Entre as lideranças que via como capazes de
entender e capitanear estas mudanças estava aquele que depois seria seu
adversário: “Quem dará à ordem nacional democrática em reconstrução o sentido
social que ela requer serão os líderes sindicais de oposição, os Lulas, que são
muitos”.
A ditadura que FH e Lula combateram durou
21 anos. O governo Bolsonaro, ainda que mais breve, foi atravessado por uma
pandemia que radicalizou mudanças na sociedade que o precederam, como a
economia dos aplicativos.
Foi preciso que o PSDB aparecesse, pela
primeira vez, sem perspectiva de candidato para que o ex-presidente Luiz Inácio
Lula da Silva encarasse, com todas as letras, a necessidade de atualizar seu
discurso para atrair os órfãos do partido. Depois que os tucanos deram a
maioria de seus votos a favor do voto impresso e da educação familiar ficou
difícil divisar órfãos, mas eles existem.
Às 9h30 da terça-feira, o perfil oficial de
Lula no Twitter publicou: “Temos que readequar as leis trabalhistas pro mundo
que temos. E isso significa rediscutir uma legislação trabalhista junto com
sindicalistas, empresários e com o governo. Não queremos voltar para o passado,
queremos olhar para o futuro”.
O jogo de palavras que suprimiu a revogação
e jogou a bola pra frente, a incorporação de Geraldo Alckmin à negociação e a
publicação do tuíte pela conta do candidato petista depois do réquiem da
candidatura João Dória não deixam dúvida de que esta é uma vereda que Lula
tenta abrir para o eleitor de centro.
Se Lula está disposto a discutir uma
legislação trabalhista que, preservada a proteção à invalidez e à
aposentadoria, esteja mais aberta à geração de empregos, ainda não está claro
qual será a política para a Petrobras que, nos governos do PT, serviu de
escoadouro de recursos públicos.
Se o combate à inflação passa pelas
expectativas dos agentes econômicos, não se trata de um tema alheio à
estabilidade da economia. E não é impossível encontrar um campo de
convergência. A começar por investidores como Armínio Fraga, ex-presidente do
Banco Central na gestão FH.
Ele discorda da privatização da Eletrobras
por não estar convencido de que os interesses que colonizam a estatal, desde
FH, ressalta, serão dela afastados pelo modelo proposto. Se na Eletrobras o
problema é o modelo, na Petrobras a discordância de Fraga é com a privatização
em si, o que não o leva a concordar com as políticas do PT para a estatal.
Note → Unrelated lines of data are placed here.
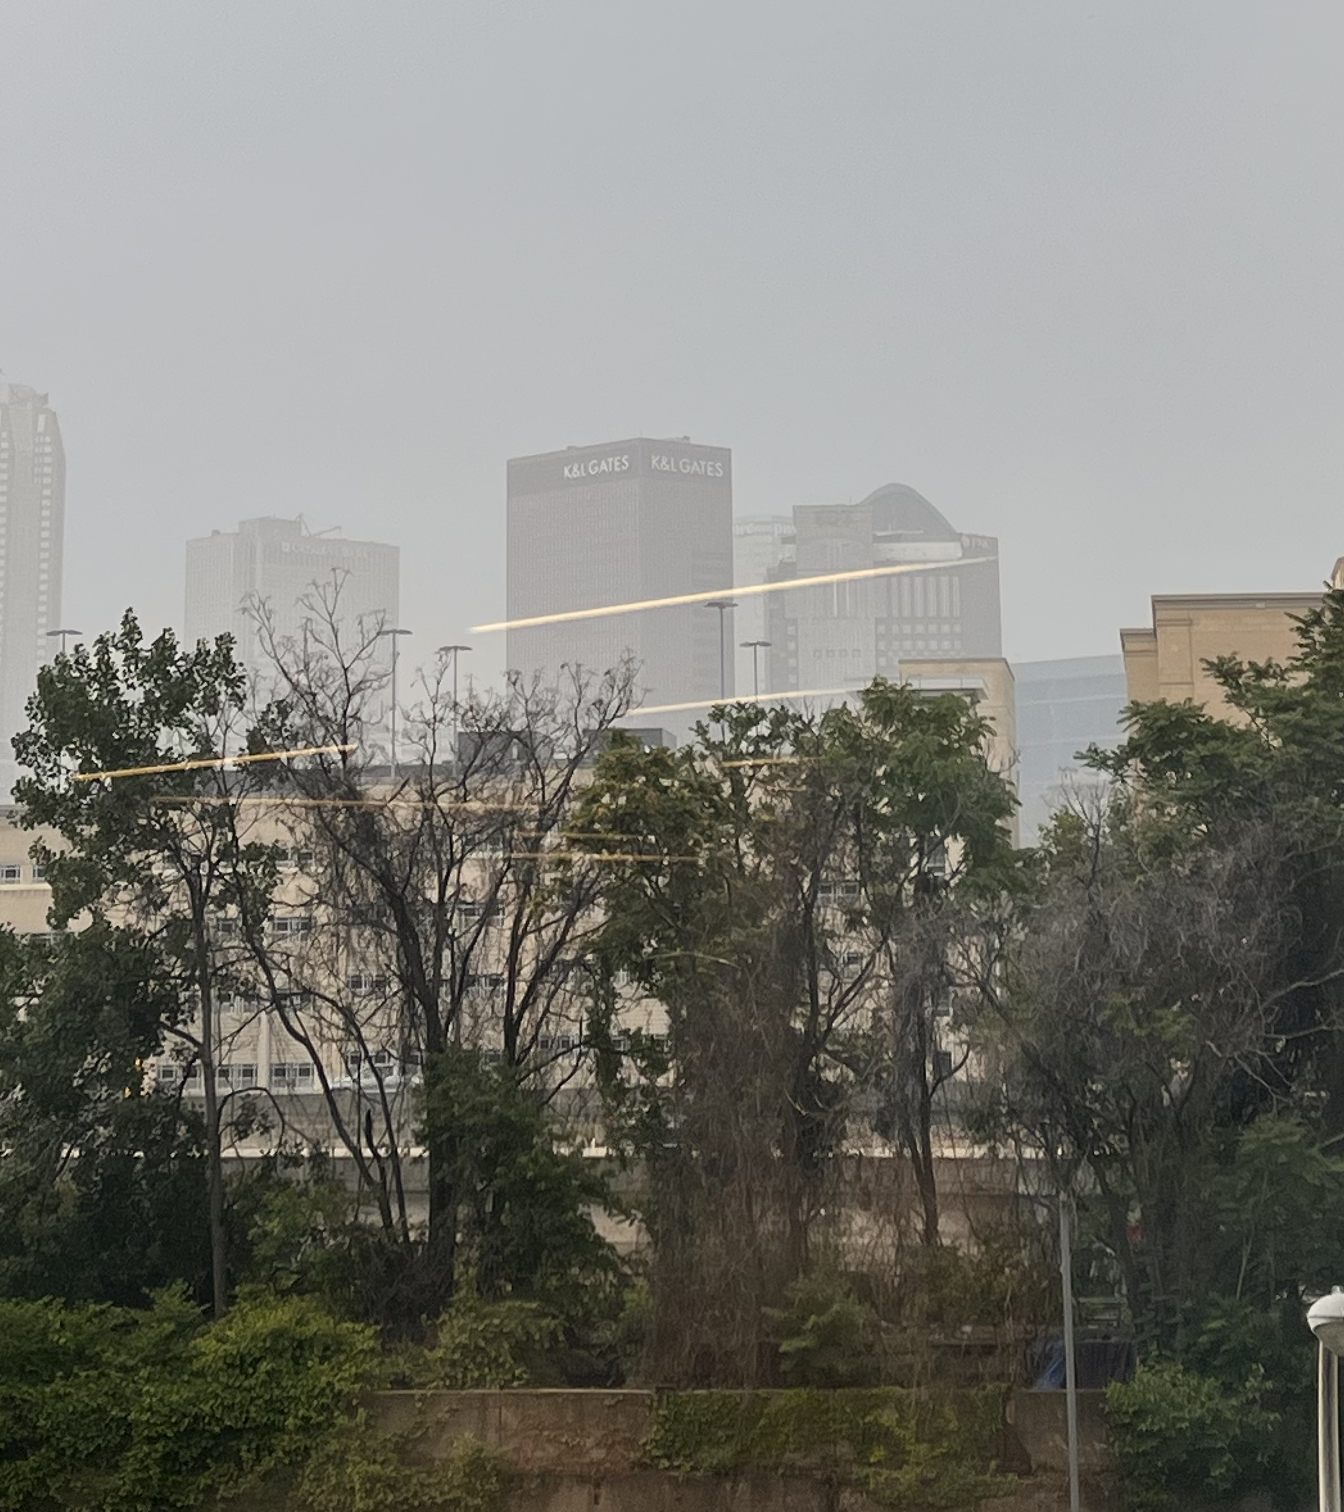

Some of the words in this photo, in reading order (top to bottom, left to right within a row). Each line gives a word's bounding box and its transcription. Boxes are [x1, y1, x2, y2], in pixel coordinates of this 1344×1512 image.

[563, 464, 586, 479] K&L
[588, 455, 629, 476] GATES
[651, 455, 677, 472] K&L
[679, 458, 724, 478] GATES
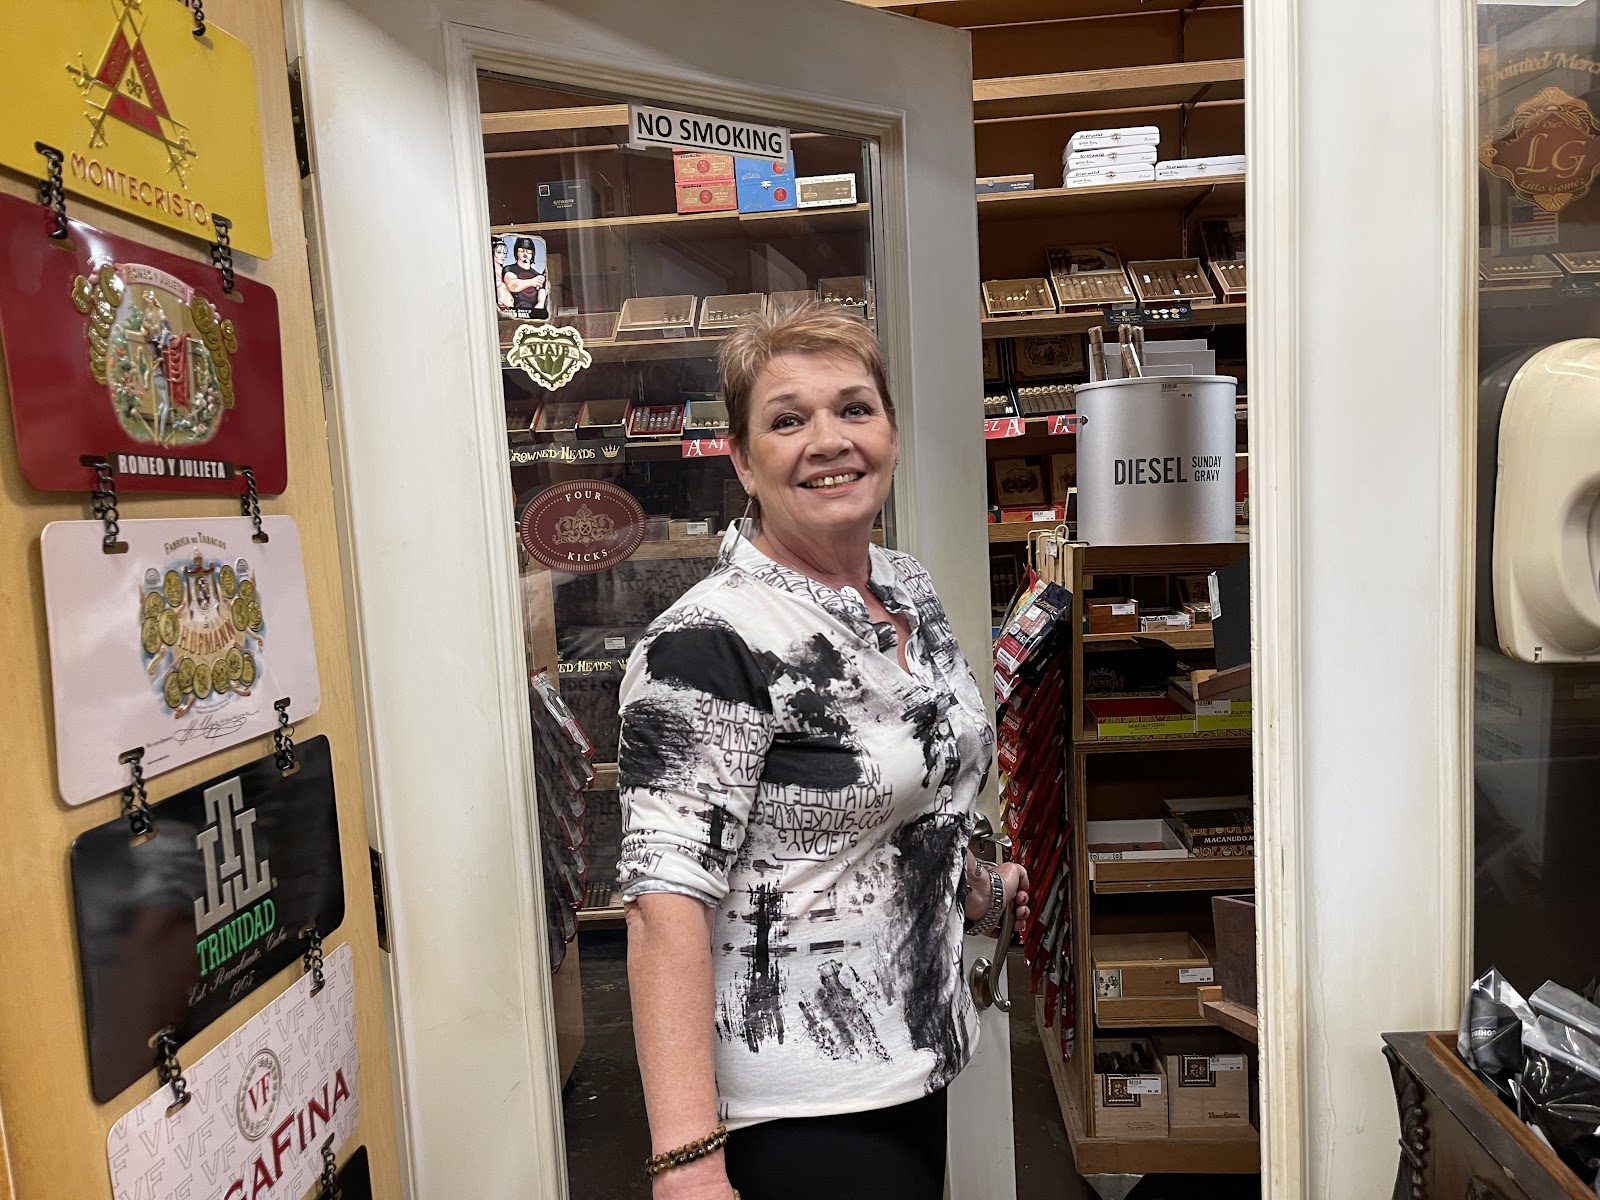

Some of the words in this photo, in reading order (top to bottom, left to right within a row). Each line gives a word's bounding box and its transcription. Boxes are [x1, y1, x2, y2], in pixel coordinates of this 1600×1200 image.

[636, 111, 673, 139] NO
[679, 118, 783, 155] SMOKING
[1515, 133, 1587, 179] LG
[70, 151, 209, 228] MONTECRISTO
[527, 344, 570, 357] VIAJE
[708, 438, 724, 451] AJ
[118, 455, 165, 476] ROMEO
[168, 458, 175, 476] Y
[179, 459, 226, 479] JULIETA
[1114, 457, 1188, 485] DIESEL
[1191, 456, 1222, 468] SUNDAY
[1194, 470, 1220, 482] GRAVY
[565, 490, 603, 503] FOUR
[567, 548, 609, 562] KICKS
[1203, 835, 1248, 844] MACANUDO
[196, 898, 277, 977] TRINIDAD
[247, 1071, 271, 1114] VF
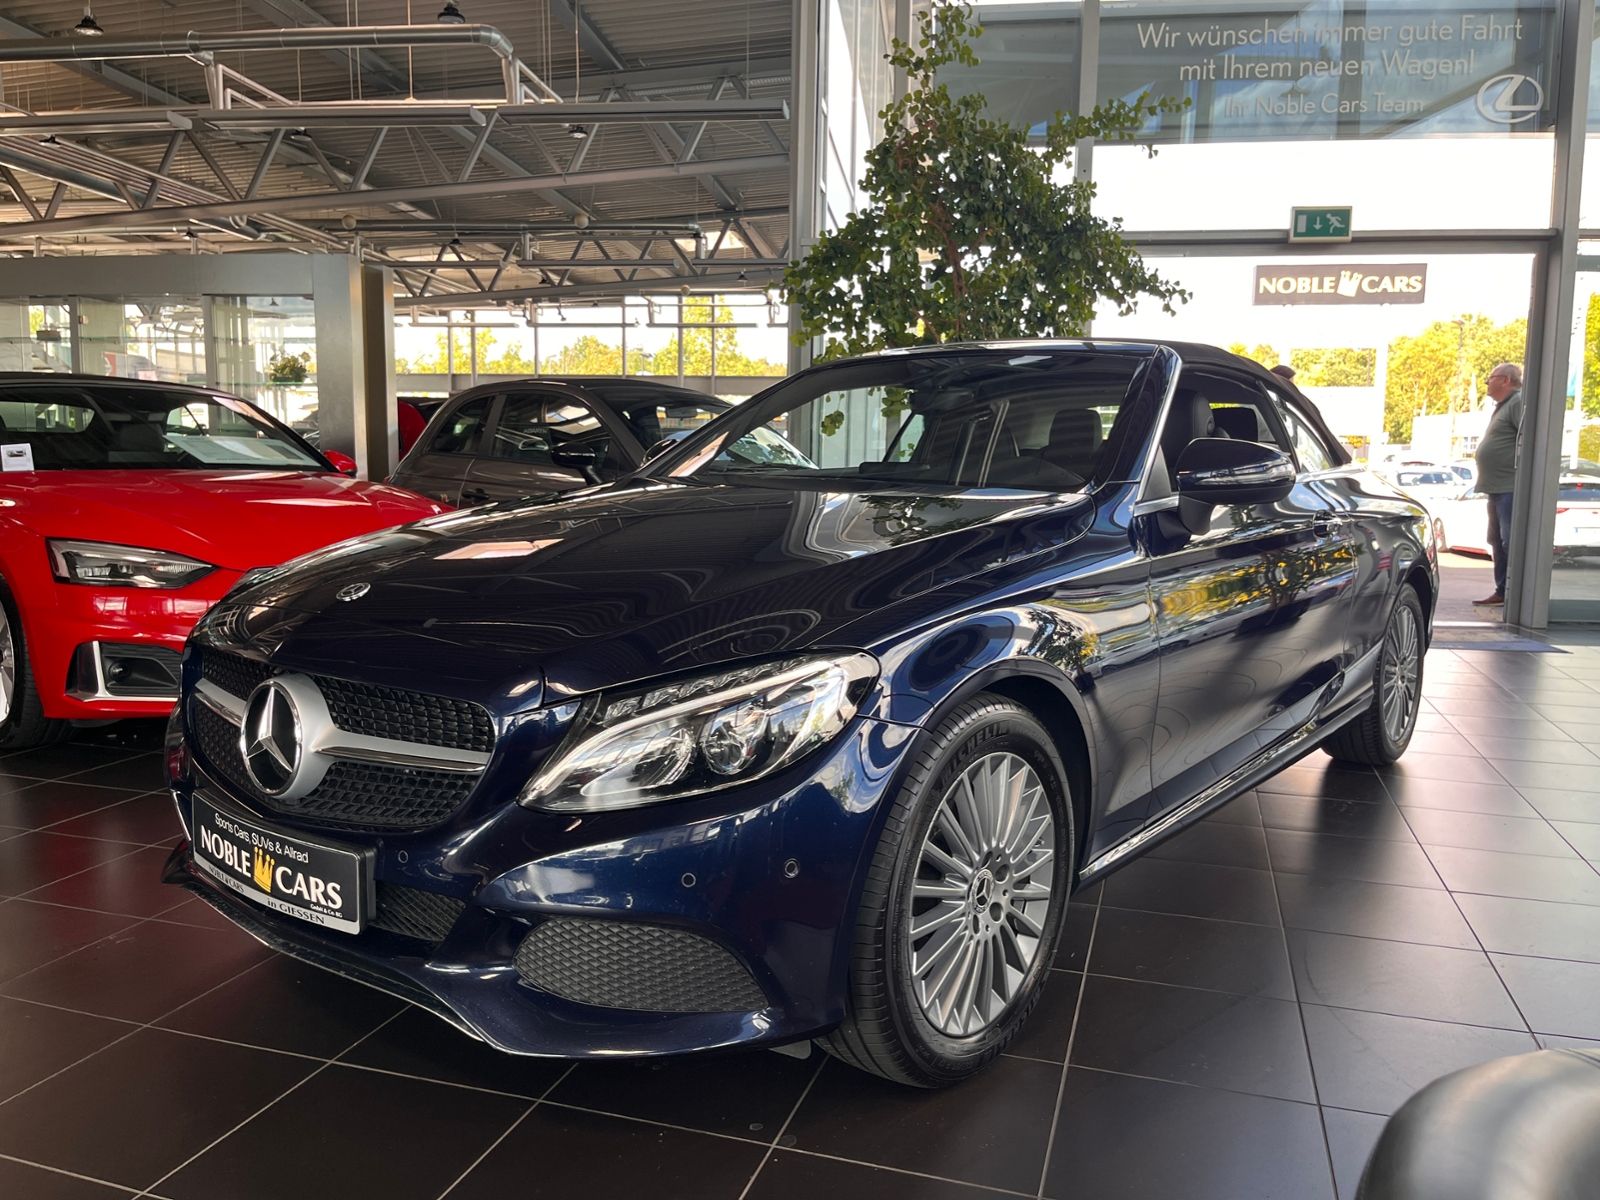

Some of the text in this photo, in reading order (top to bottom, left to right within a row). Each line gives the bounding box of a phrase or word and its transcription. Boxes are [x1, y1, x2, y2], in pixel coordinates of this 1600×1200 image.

[1137, 14, 1523, 48] Wir wünschen immer gute Fahrt
[1179, 48, 1475, 81] mit Ihrem neuen Wagen!
[1224, 91, 1424, 119] Ihr Noble Cars Team
[1258, 275, 1423, 294] NOBLE CARS
[214, 812, 234, 834] Sports
[251, 832, 275, 852] SUVs
[275, 841, 283, 855] &
[283, 844, 309, 864] Allrad
[200, 824, 343, 910] NOBLE CARS
[267, 896, 325, 925] in GIESSEN
Enquanto Lula não disser o que pretende na
Petrobras, prevalecerão iniciativas como a da ação contra Sergio Moro para que
o ex-juiz pague os prejuízos causados pela Lava-jato. A iniciativa não é de
Lula, mas do grupo Prerrogativas e de parlamentares do PT. Levará, porém, ao
rebote de quem vai cobrar, de Lula, prejuízos gerados por governos petistas à
estatal.
Há dez anos, FH palpitou sobre um Brasil
que mirava no “espelho retrovisor das corrupções”. Parecia se dirigir a seu
partido, mas o WO libera a carapuça: “É hora, portanto, de um discurso que, sem
olhar para o retrovisor e sem bater boca com o ‘outro lado’ até porque os lados
estão confundidos, surja de base moral para mobilizar a população”. Que outro
além da carestia?
Um comentário:
A sigla FHC já foi consagrada,não sei por que encurtar pra FH.